After 4 years of marriage and having 2 boys, things have changed between me and my husband. He is busy all the time, always at work or out with friends. The last time we were together in bed was a months and 19 days now. I know that things change between couples after having children but i still don't want him to be that cold with me, he doesn't talk that much with me anymore we are like 2 friends nothing more. We fought a lot before that we were thinking about divorce so many times but things got better after that. 
I was judging myself the whole time thinking if i've done something bad that made him treat me like this but i found nothing, maybe little stuff like not wanting to have anal and it's painful you know...
What shall i do?


----------



## CuddleBug (Nov 26, 2012)

Could he be seeing someone else?

Have either of you gained unwanted weight and don't feel as sexy anymore?

You are the high sex drive one HD? He is the low sex drive one LD?

Is his work very stressful and now that he's raising two kids, his stress levels are even higher and needs to go out a lot for his destress times?
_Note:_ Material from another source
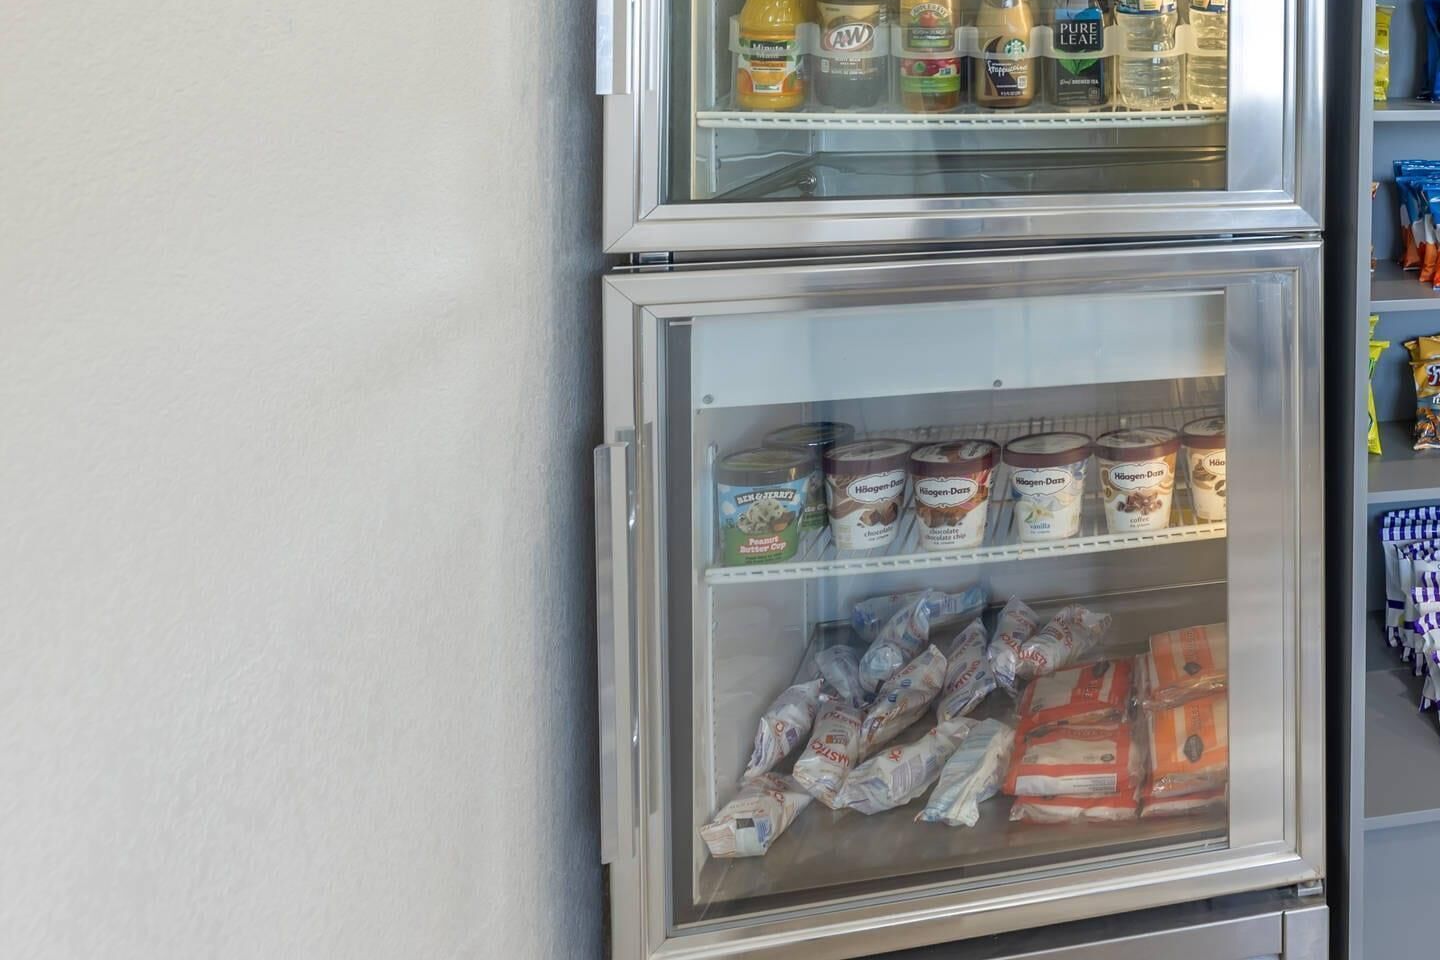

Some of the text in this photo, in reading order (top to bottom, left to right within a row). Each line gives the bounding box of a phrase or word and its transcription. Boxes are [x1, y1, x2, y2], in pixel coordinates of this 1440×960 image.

Have him take the 5 love languages quiz and you do the same. Compare the results....

http://www.5lovelanguages.com/


----------



## Anon Pink (Jan 17, 2013)

Your husband is cheating. Check his email, put a Voice Activated recorded in his car, spy on his text messages. This isn't normal for a happily married man. He's acting like a single man. Better introduce yourself to his girlfriend.

ETA: anal schmanal! It's your body. If he demands anal tell him he has to take it up his ass first!


----------



## Mockingjay (Aug 29, 2013)

i used to work on my body spend much time at the gym so i don't think it's about gaining weight and about the stressful work maybe but raising the kids, he doesn't spend much time with them because we have someone to take care of them.
you are right i was thinking about him cheating but thought i might be wrong thanks for showing me the right way dear


----------



## john117 (May 20, 2013)

Mockingjay said:


> i used to work on my body spend much time at the gym so i don't think it's about gaining weight and about the stressful work maybe but raising the kids, he doesn't spend much time with them because we have someone to take care of them.
> you are right i was thinking about him cheating but thought i might be wrong thanks for showing me the right way dear



If you have someone else caring for your children and your husband is not involved -or see you involved- perhaps the old saying "out of sight, out of mind" applies?

In other words, he has to be involved with his children to get into the idea of family first, not me first.

Some may be culture related. What culture do you two fit in?


----------



## Mockingjay (Aug 29, 2013)

culture? umm i'm tunisian and he is british


----------



## SeaGod (Dec 30, 2013)

Maybe he mad at something you did and you think it's not something to get mad about it so he doesn't want to be with you that much for while? did you talk to him about this? ask him if he is annoyed from something? try to make him listen if he is always busy try to find a time and make him listen to you


----------